About this task = Your answer must be a word-for-word copy of the listing, with all pictures excluded.

Exercise material =
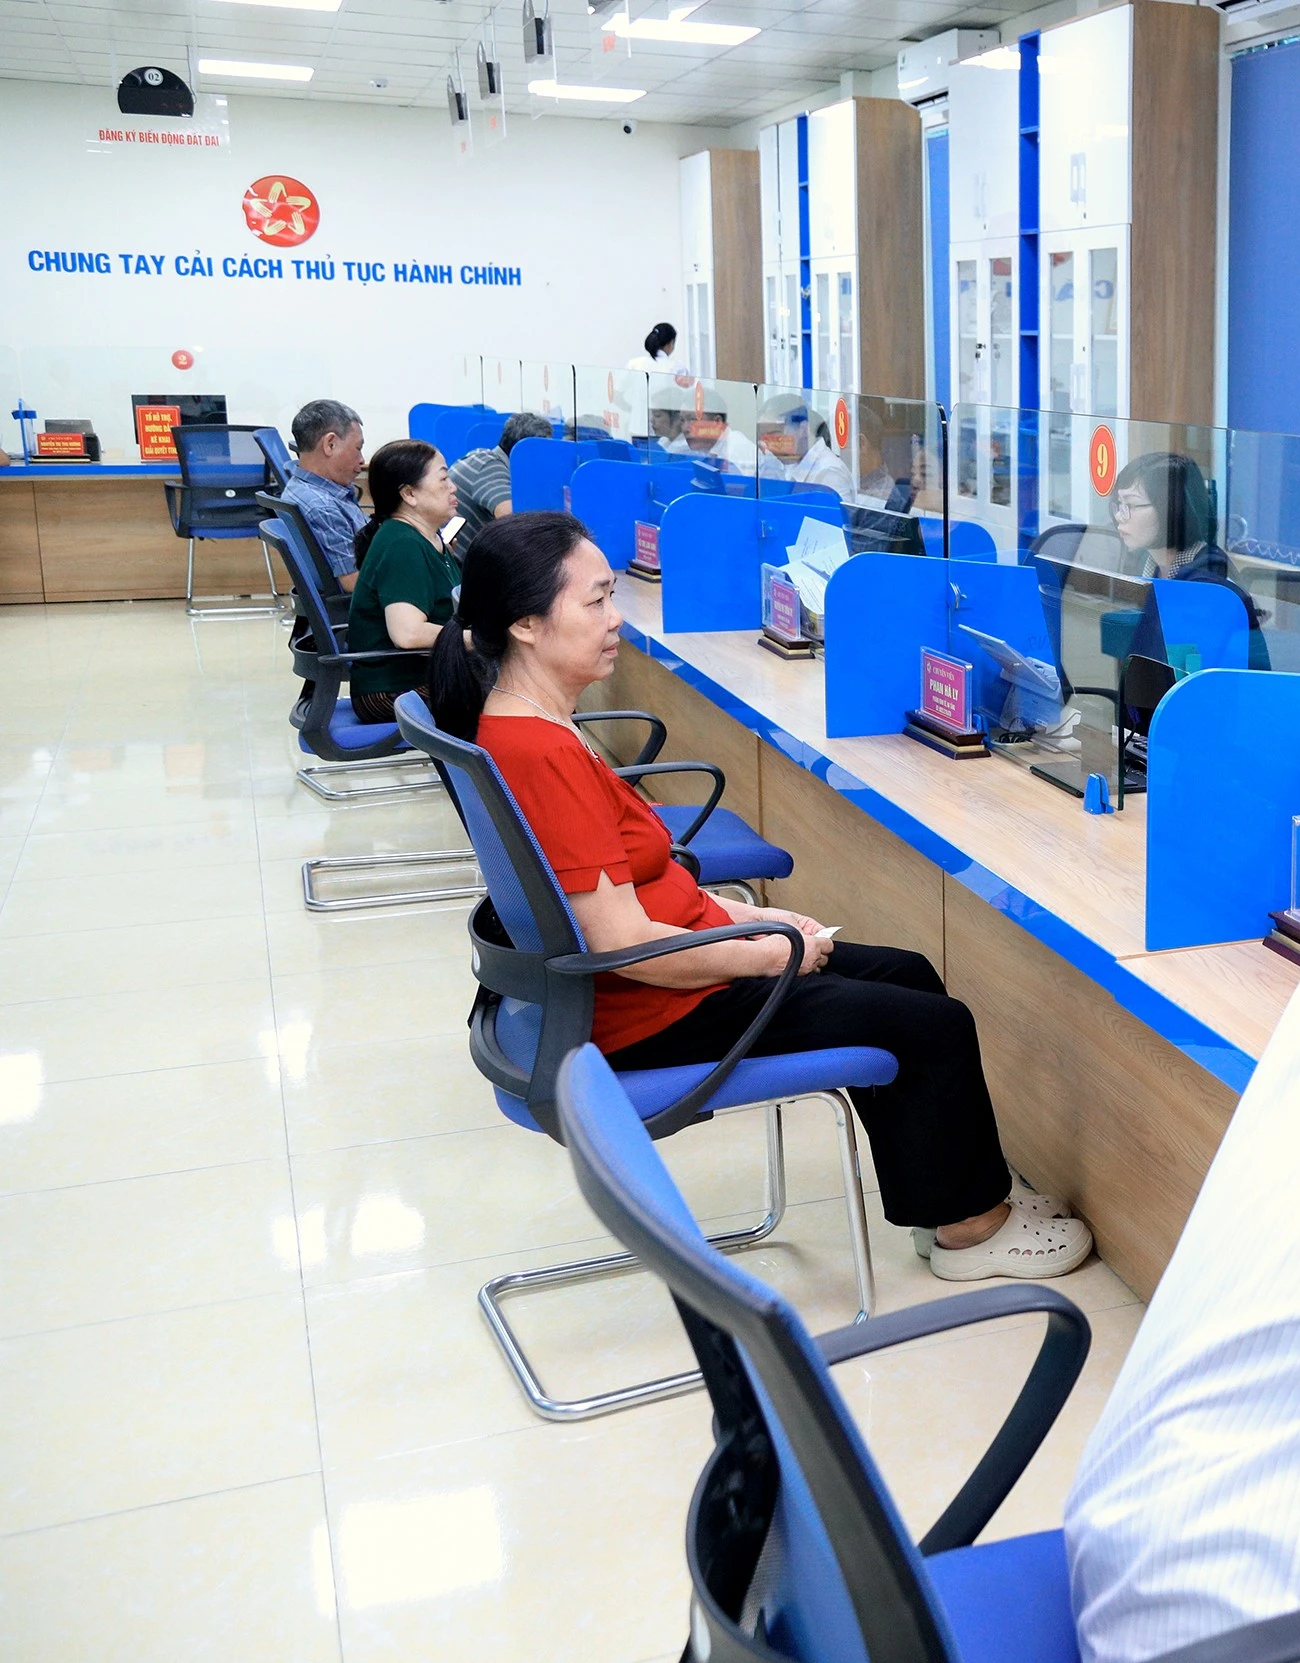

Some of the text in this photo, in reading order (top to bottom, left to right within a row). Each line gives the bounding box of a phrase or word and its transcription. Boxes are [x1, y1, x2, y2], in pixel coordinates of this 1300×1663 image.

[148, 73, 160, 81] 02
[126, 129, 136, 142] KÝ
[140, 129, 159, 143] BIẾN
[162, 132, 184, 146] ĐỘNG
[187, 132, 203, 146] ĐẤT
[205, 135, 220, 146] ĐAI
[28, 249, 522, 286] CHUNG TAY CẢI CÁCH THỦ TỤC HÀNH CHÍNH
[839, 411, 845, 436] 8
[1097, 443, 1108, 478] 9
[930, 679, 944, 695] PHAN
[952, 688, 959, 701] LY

Answer section =
Some of the text in this photo, in reading order (top to bottom, left to right within a row). Each line gives the bounding box of a phrase or word and its transcription. Boxes are [x1, y1, x2, y2], in pixel coordinates of this 1300×1663 image.

[148, 73, 160, 81] 02
[126, 129, 136, 142] KÝ
[140, 129, 159, 143] BIẾN
[162, 132, 184, 146] ĐỘNG
[187, 132, 203, 146] ĐẤT
[205, 135, 220, 146] ĐAI
[28, 249, 522, 286] CHUNG TAY CẢI CÁCH THỦ TỤC HÀNH CHÍNH
[839, 411, 845, 436] 8
[1097, 443, 1108, 478] 9
[930, 679, 944, 695] PHAN
[952, 688, 959, 701] LY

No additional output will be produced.